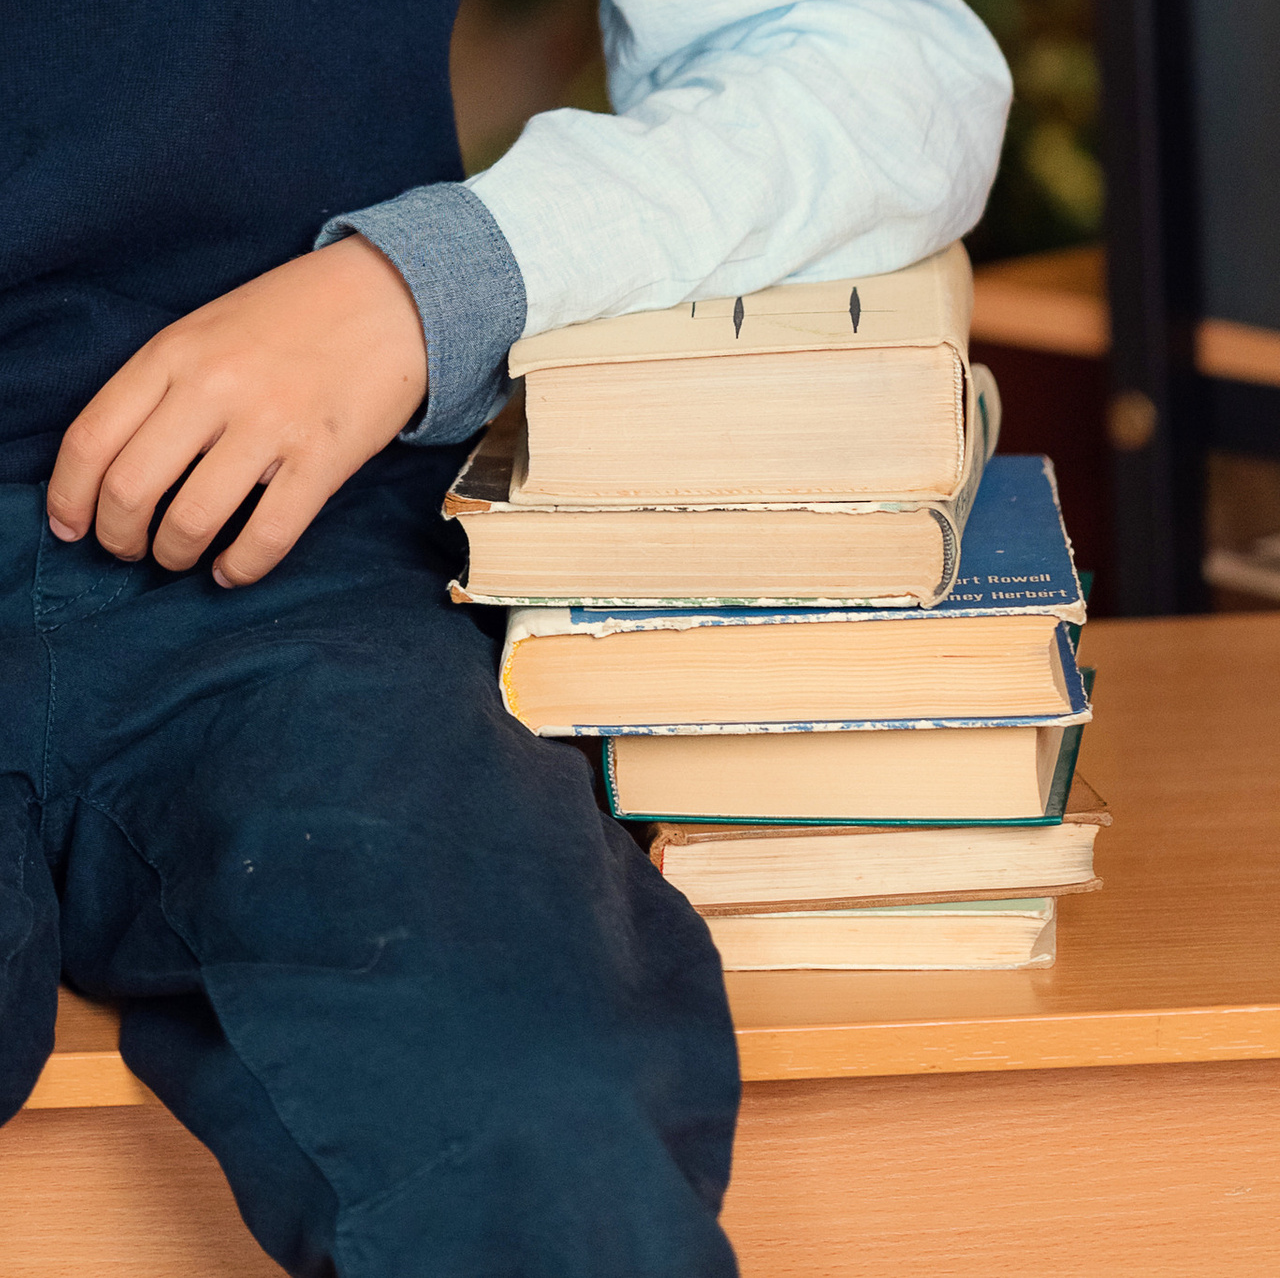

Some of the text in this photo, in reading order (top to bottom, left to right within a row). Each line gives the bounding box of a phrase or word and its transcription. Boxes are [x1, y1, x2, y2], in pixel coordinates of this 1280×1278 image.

[987, 573, 1051, 584] Rowell
[948, 589, 1068, 602] ney Herbert
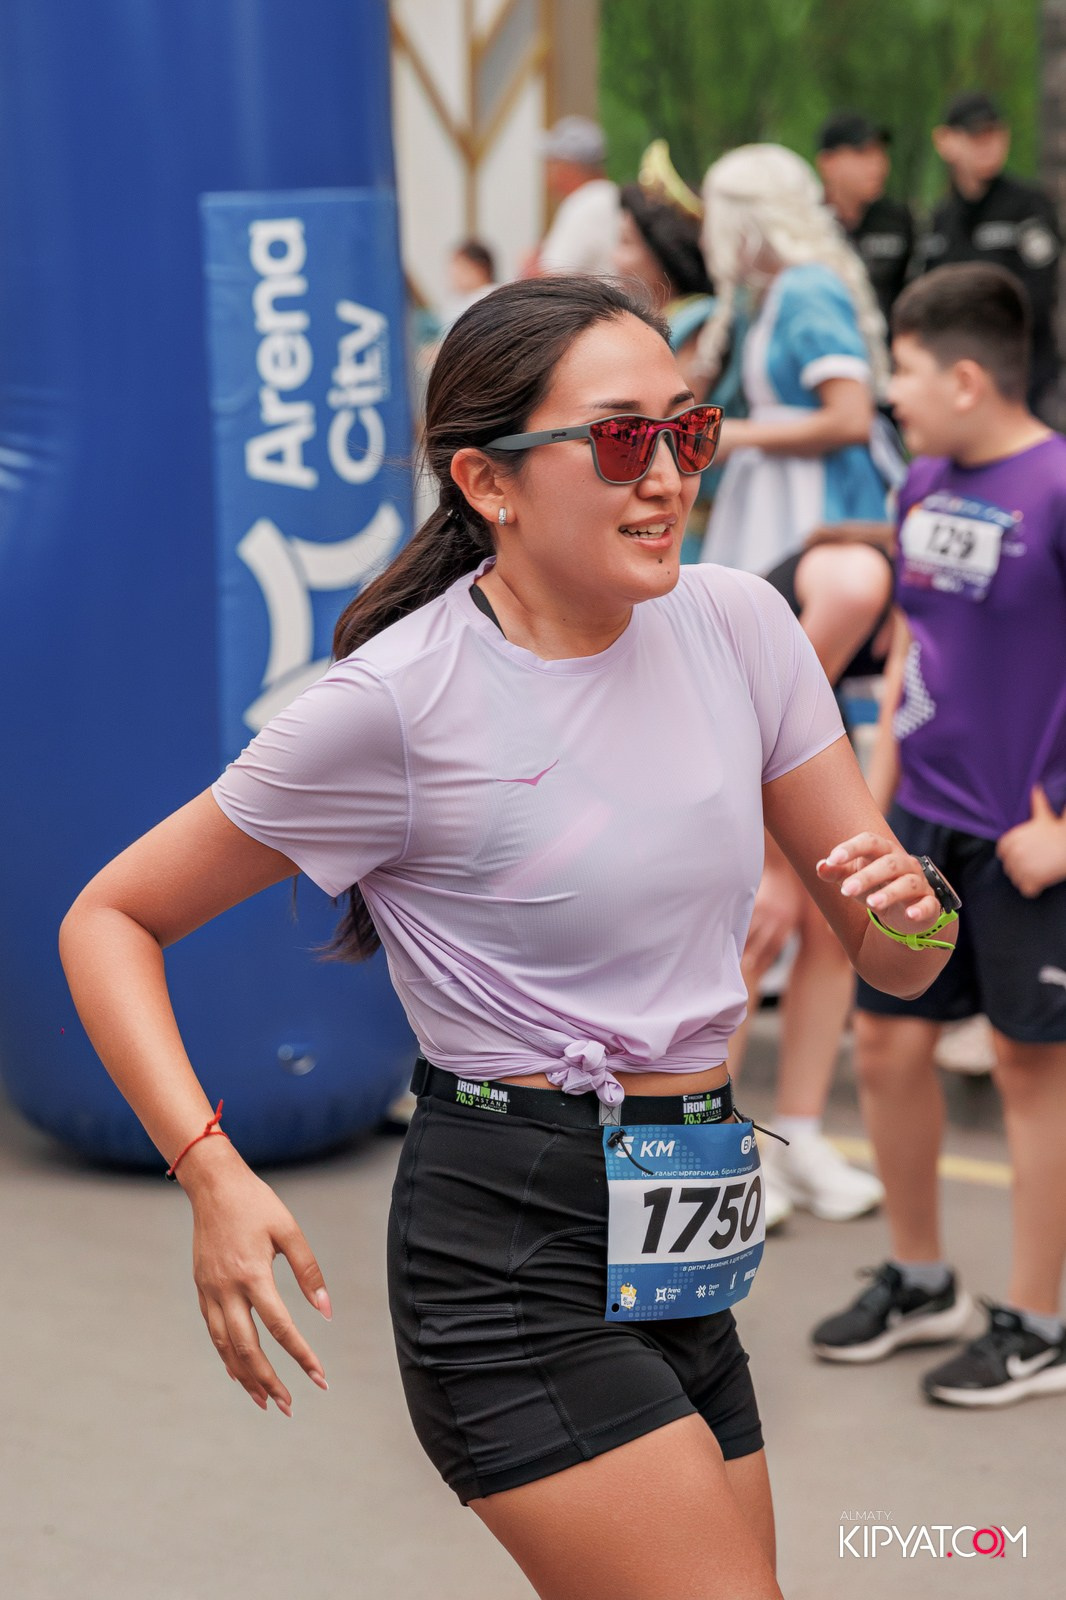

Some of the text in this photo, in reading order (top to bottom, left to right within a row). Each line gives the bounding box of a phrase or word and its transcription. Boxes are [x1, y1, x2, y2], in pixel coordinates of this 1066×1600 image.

[245, 217, 319, 490] Arena
[327, 300, 388, 485] City
[456, 1091, 474, 1106] 70.3
[457, 1080, 509, 1103] IRONMAN
[683, 1095, 722, 1113] IRONMAN
[683, 1113, 702, 1125] 70.3
[615, 1136, 676, 1158] 5 KM
[641, 1175, 762, 1254] 1750
[667, 1293, 676, 1301] City
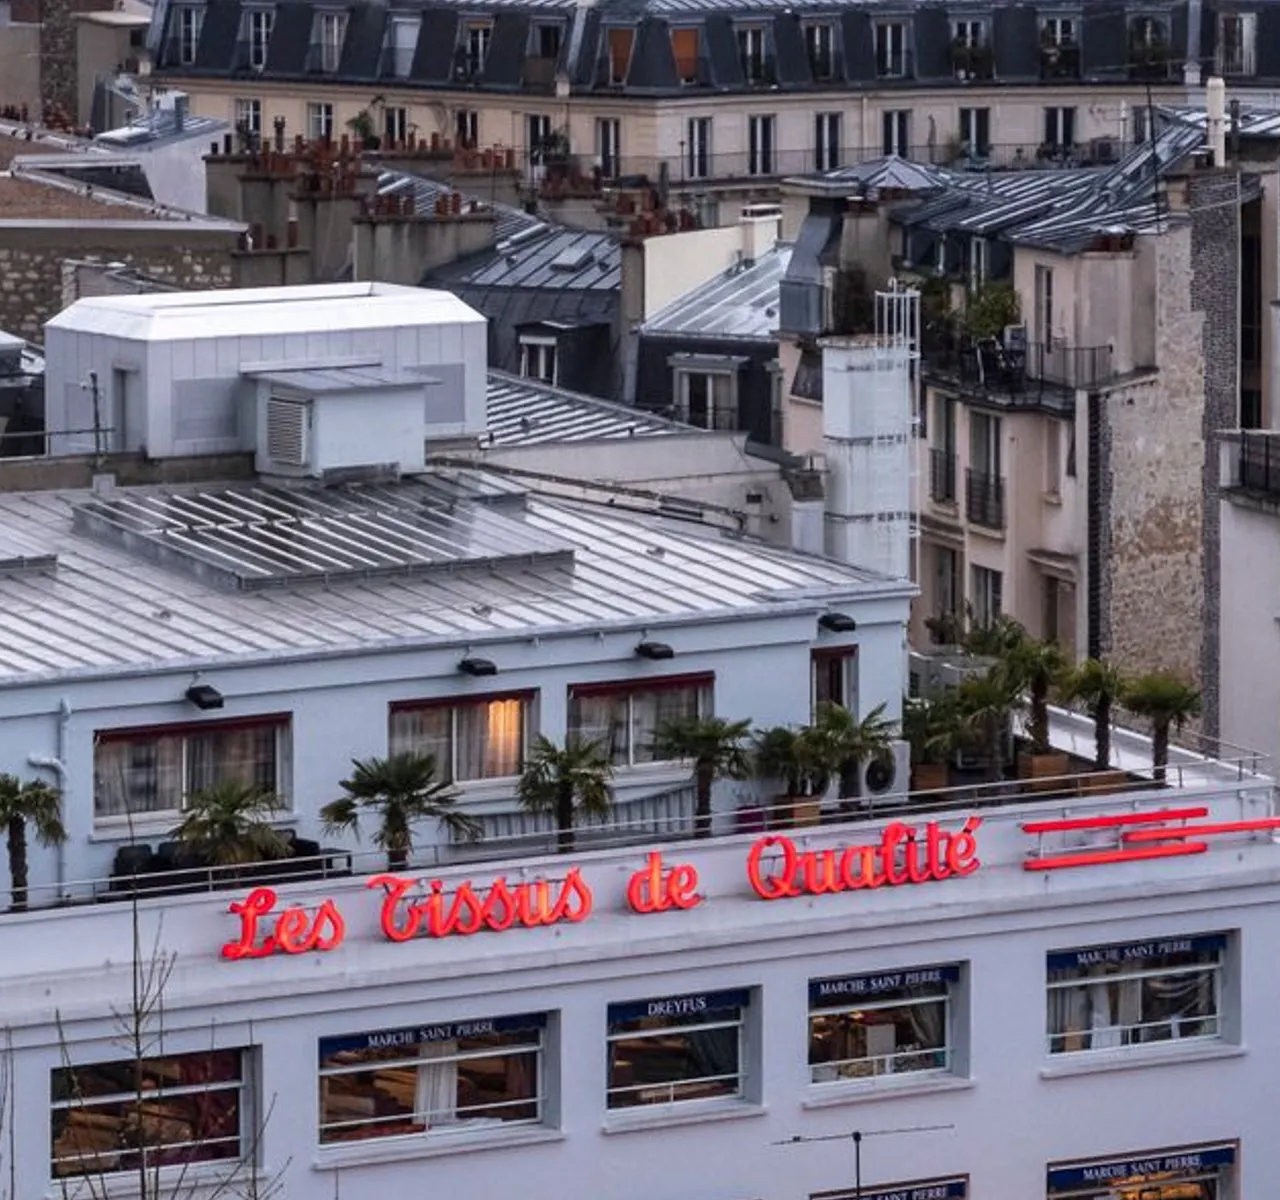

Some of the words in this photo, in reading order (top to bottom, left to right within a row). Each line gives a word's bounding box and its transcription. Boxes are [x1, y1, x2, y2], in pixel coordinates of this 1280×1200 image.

[222, 886, 345, 960] Les
[366, 866, 593, 942] Tissus
[627, 850, 702, 913] de
[747, 815, 982, 900] Qualité
[820, 979, 867, 995] MARCHE
[870, 974, 902, 989] SAINT
[905, 970, 941, 984] PIERRE
[648, 997, 706, 1015] DREYFUS
[420, 1025, 452, 1041] SAINT
[1083, 1166, 1127, 1180] MARCHE
[1131, 1161, 1161, 1174] SAINT
[1165, 1155, 1201, 1169] PIERRE
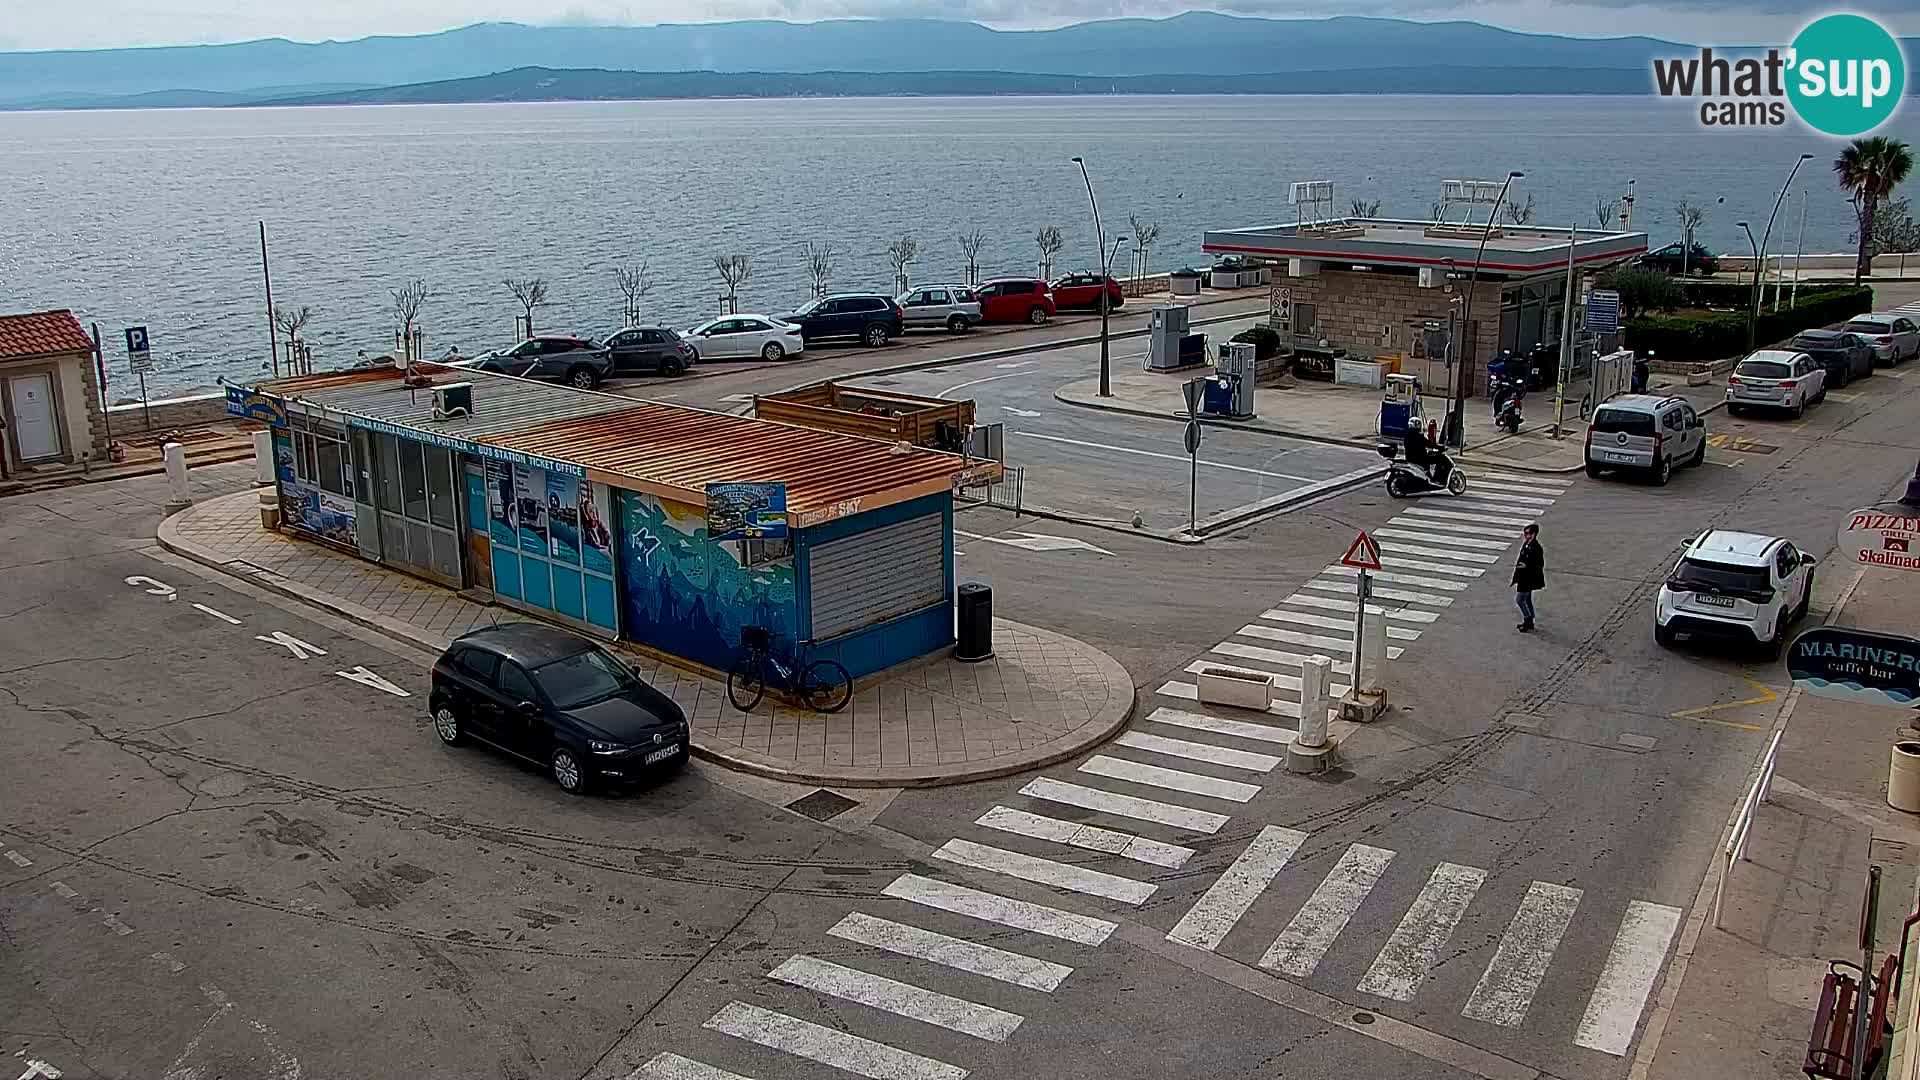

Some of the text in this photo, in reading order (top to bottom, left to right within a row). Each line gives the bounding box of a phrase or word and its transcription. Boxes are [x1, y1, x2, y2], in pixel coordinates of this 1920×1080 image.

_ _ _ _ _

**EXERCISE DIRECTIONS**
Print the material again, unchanged, without its pictures.

**RESULT BELOW**
Some of the text in this photo, in reading order (top to bottom, left to right within a row). Each line gives the bounding box of a phrase or word and its transcription. Boxes are [x1, y1, x2, y2], in pixel coordinates of this 1280×1278 image.

[987, 573, 1051, 584] Rowell
[948, 589, 1068, 602] ney Herbert

Some of the text in this photo, in reading order (top to bottom, left to right within a row). Each line gives the bounding box of a phrase or word and its transcription. Boxes are [x1, y1, x2, y2], in pixel coordinates of this 1066×1600 image.

[245, 217, 319, 490] Arena
[327, 300, 388, 485] City
[456, 1091, 474, 1106] 70.3
[457, 1080, 509, 1103] IRONMAN
[683, 1095, 722, 1113] IRONMAN
[683, 1113, 702, 1125] 70.3
[615, 1136, 676, 1158] 5 KM
[641, 1175, 762, 1254] 1750
[667, 1293, 676, 1301] City

Some of the words in this photo, in reading order (top to bottom, left to right within a row). Each line gives a word's bounding box and its transcription. Boxes are [x1, y1, x2, y2], in pixel coordinates of this 1280×1200 image.

[222, 886, 345, 960] Les
[366, 866, 593, 942] Tissus
[627, 850, 702, 913] de
[747, 815, 982, 900] Qualité
[820, 979, 867, 995] MARCHE
[870, 974, 902, 989] SAINT
[905, 970, 941, 984] PIERRE
[648, 997, 706, 1015] DREYFUS
[420, 1025, 452, 1041] SAINT
[1083, 1166, 1127, 1180] MARCHE
[1131, 1161, 1161, 1174] SAINT
[1165, 1155, 1201, 1169] PIERRE

Some of the text in this photo, in reading order (top to bottom, left to right within a row). Each line gives the bounding box of a phrase or word and its transcription. Boxes are [x1, y1, x2, y2], in pixel coordinates of this 1920×1080 image.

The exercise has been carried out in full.